Collected data:
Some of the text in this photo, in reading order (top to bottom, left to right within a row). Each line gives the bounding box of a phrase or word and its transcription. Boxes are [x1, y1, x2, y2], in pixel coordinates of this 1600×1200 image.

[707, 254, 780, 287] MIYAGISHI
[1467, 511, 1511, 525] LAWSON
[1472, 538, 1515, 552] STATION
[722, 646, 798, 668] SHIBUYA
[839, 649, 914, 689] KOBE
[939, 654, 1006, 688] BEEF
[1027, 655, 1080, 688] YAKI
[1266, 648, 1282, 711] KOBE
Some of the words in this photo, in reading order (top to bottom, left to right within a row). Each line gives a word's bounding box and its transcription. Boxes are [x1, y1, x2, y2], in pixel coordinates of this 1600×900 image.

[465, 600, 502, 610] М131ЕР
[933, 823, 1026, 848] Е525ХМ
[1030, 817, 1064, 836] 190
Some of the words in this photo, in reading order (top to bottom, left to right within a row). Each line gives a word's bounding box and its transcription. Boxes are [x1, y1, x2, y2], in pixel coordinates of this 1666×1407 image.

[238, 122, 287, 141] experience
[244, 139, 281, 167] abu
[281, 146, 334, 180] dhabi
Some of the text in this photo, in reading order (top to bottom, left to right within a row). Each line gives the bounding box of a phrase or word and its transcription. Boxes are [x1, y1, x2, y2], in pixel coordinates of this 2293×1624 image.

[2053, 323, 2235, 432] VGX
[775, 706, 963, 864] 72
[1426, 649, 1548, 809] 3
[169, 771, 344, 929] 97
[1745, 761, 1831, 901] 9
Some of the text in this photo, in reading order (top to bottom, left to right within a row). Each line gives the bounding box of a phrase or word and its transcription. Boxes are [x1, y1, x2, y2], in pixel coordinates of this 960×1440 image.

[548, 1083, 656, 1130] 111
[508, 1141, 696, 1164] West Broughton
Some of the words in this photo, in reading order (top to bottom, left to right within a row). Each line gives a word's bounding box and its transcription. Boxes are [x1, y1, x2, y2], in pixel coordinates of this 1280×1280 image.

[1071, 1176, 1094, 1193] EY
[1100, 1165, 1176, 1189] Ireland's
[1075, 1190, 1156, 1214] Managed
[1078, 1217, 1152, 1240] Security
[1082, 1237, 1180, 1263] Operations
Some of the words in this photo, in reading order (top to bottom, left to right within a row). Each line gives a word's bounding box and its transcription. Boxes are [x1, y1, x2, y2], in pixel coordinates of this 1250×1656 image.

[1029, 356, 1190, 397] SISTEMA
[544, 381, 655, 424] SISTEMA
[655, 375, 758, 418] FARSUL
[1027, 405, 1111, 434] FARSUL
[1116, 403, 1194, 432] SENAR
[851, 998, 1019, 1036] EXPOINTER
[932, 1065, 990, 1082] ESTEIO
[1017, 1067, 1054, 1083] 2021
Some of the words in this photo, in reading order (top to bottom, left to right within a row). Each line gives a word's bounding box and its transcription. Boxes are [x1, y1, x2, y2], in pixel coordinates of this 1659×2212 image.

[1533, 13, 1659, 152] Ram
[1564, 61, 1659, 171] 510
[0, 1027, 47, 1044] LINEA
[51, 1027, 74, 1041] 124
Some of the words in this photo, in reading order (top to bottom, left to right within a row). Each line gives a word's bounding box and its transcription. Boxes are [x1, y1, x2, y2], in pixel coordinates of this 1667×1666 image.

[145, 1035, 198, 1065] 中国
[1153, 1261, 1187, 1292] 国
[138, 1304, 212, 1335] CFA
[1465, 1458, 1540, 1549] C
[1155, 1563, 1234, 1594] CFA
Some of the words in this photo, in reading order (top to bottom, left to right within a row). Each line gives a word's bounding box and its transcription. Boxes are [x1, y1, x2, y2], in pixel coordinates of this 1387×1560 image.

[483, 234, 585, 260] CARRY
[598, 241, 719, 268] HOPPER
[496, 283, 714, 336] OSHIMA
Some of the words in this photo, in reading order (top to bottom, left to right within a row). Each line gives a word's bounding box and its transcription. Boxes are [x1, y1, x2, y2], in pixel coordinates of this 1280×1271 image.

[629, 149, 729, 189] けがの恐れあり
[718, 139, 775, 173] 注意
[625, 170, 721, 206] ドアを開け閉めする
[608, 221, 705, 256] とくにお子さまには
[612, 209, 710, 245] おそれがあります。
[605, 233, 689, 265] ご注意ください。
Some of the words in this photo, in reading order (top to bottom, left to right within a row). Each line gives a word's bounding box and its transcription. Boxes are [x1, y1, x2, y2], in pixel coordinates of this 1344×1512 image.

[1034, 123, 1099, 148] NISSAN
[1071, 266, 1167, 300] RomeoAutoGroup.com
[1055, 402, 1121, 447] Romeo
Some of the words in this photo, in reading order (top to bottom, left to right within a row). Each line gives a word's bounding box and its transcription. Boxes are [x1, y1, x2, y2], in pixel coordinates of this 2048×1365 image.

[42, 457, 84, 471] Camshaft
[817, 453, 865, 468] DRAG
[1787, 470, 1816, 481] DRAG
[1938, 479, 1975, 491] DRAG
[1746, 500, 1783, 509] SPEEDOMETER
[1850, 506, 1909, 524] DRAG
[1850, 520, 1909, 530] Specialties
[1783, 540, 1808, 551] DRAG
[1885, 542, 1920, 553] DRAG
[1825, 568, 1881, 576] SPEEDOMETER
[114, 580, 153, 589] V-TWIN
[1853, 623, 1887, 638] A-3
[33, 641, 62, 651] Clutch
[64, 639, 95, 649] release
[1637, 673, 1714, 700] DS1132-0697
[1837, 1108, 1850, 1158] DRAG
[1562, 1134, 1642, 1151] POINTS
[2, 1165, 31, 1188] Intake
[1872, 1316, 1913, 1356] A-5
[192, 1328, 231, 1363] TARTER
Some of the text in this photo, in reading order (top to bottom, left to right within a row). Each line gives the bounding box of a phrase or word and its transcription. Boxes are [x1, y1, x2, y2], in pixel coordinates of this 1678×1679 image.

- [REQUIRED ACTION] Taking care to match every character, output all of the entries above.

- [FINISHED EXERCISE]
Some of the text in this photo, in reading order (top to bottom, left to right within a row). Each line gives the bounding box of a phrase or word and its transcription. Boxes are [x1, y1, x2, y2], in pixel coordinates of this 1600×1200 image.

[707, 254, 780, 287] MIYAGISHI
[1467, 511, 1511, 525] LAWSON
[1472, 538, 1515, 552] STATION
[722, 646, 798, 668] SHIBUYA
[839, 649, 914, 689] KOBE
[939, 654, 1006, 688] BEEF
[1027, 655, 1080, 688] YAKI
[1266, 648, 1282, 711] KOBE
Some of the words in this photo, in reading order (top to bottom, left to right within a row). Each line gives a word's bounding box and its transcription. Boxes are [x1, y1, x2, y2], in pixel coordinates of this 1600×900 image.

[465, 600, 502, 610] М131ЕР
[933, 823, 1026, 848] Е525ХМ
[1030, 817, 1064, 836] 190
Some of the words in this photo, in reading order (top to bottom, left to right within a row). Each line gives a word's bounding box and its transcription. Boxes are [x1, y1, x2, y2], in pixel coordinates of this 1666×1407 image.

[238, 122, 287, 141] experience
[244, 139, 281, 167] abu
[281, 146, 334, 180] dhabi
Some of the text in this photo, in reading order (top to bottom, left to right within a row). Each line gives the bounding box of a phrase or word and its transcription. Boxes are [x1, y1, x2, y2], in pixel coordinates of this 2293×1624 image.

[2053, 323, 2235, 432] VGX
[775, 706, 963, 864] 72
[1426, 649, 1548, 809] 3
[169, 771, 344, 929] 97
[1745, 761, 1831, 901] 9
Some of the text in this photo, in reading order (top to bottom, left to right within a row). Each line gives the bounding box of a phrase or word and its transcription. Boxes are [x1, y1, x2, y2], in pixel coordinates of this 960×1440 image.

[548, 1083, 656, 1130] 111
[508, 1141, 696, 1164] West Broughton
Some of the words in this photo, in reading order (top to bottom, left to right within a row). Each line gives a word's bounding box and its transcription. Boxes are [x1, y1, x2, y2], in pixel coordinates of this 1280×1280 image.

[1071, 1176, 1094, 1193] EY
[1100, 1165, 1176, 1189] Ireland's
[1075, 1190, 1156, 1214] Managed
[1078, 1217, 1152, 1240] Security
[1082, 1237, 1180, 1263] Operations
Some of the words in this photo, in reading order (top to bottom, left to right within a row). Each line gives a word's bounding box and its transcription. Boxes are [x1, y1, x2, y2], in pixel coordinates of this 1250×1656 image.

[1029, 356, 1190, 397] SISTEMA
[544, 381, 655, 424] SISTEMA
[655, 375, 758, 418] FARSUL
[1027, 405, 1111, 434] FARSUL
[1116, 403, 1194, 432] SENAR
[851, 998, 1019, 1036] EXPOINTER
[932, 1065, 990, 1082] ESTEIO
[1017, 1067, 1054, 1083] 2021
Some of the words in this photo, in reading order (top to bottom, left to right within a row). Each line gives a word's bounding box and its transcription. Boxes are [x1, y1, x2, y2], in pixel coordinates of this 1659×2212 image.

[1533, 13, 1659, 152] Ram
[1564, 61, 1659, 171] 510
[0, 1027, 47, 1044] LINEA
[51, 1027, 74, 1041] 124
Some of the words in this photo, in reading order (top to bottom, left to right within a row). Each line gives a word's bounding box and its transcription. Boxes are [x1, y1, x2, y2], in pixel coordinates of this 1667×1666 image.

[145, 1035, 198, 1065] 中国
[1153, 1261, 1187, 1292] 国
[138, 1304, 212, 1335] CFA
[1465, 1458, 1540, 1549] C
[1155, 1563, 1234, 1594] CFA
Some of the words in this photo, in reading order (top to bottom, left to right within a row). Each line gives a word's bounding box and its transcription. Boxes are [x1, y1, x2, y2], in pixel coordinates of this 1387×1560 image.

[483, 234, 585, 260] CARRY
[598, 241, 719, 268] HOPPER
[496, 283, 714, 336] OSHIMA
Some of the words in this photo, in reading order (top to bottom, left to right within a row). Each line gives a word's bounding box and its transcription. Boxes are [x1, y1, x2, y2], in pixel coordinates of this 1280×1271 image.

[629, 149, 729, 189] けがの恐れあり
[718, 139, 775, 173] 注意
[625, 170, 721, 206] ドアを開け閉めする
[608, 221, 705, 256] とくにお子さまには
[612, 209, 710, 245] おそれがあります。
[605, 233, 689, 265] ご注意ください。
Some of the words in this photo, in reading order (top to bottom, left to right within a row). Each line gives a word's bounding box and its transcription. Boxes are [x1, y1, x2, y2], in pixel coordinates of this 1344×1512 image.

[1034, 123, 1099, 148] NISSAN
[1071, 266, 1167, 300] RomeoAutoGroup.com
[1055, 402, 1121, 447] Romeo
Some of the words in this photo, in reading order (top to bottom, left to right within a row). Each line gives a word's bounding box and its transcription. Boxes are [x1, y1, x2, y2], in pixel coordinates of this 2048×1365 image.

[42, 457, 84, 471] Camshaft
[817, 453, 865, 468] DRAG
[1787, 470, 1816, 481] DRAG
[1938, 479, 1975, 491] DRAG
[1746, 500, 1783, 509] SPEEDOMETER
[1850, 506, 1909, 524] DRAG
[1850, 520, 1909, 530] Specialties
[1783, 540, 1808, 551] DRAG
[1885, 542, 1920, 553] DRAG
[1825, 568, 1881, 576] SPEEDOMETER
[114, 580, 153, 589] V-TWIN
[1853, 623, 1887, 638] A-3
[33, 641, 62, 651] Clutch
[64, 639, 95, 649] release
[1637, 673, 1714, 700] DS1132-0697
[1837, 1108, 1850, 1158] DRAG
[1562, 1134, 1642, 1151] POINTS
[2, 1165, 31, 1188] Intake
[1872, 1316, 1913, 1356] A-5
[192, 1328, 231, 1363] TARTER
Some of the text in this photo, in reading order (top to bottom, left to right within a row). Each line gives the bounding box of a phrase or word and its transcription. Boxes are [x1, y1, x2, y2], in pixel coordinates of this 1678×1679 image.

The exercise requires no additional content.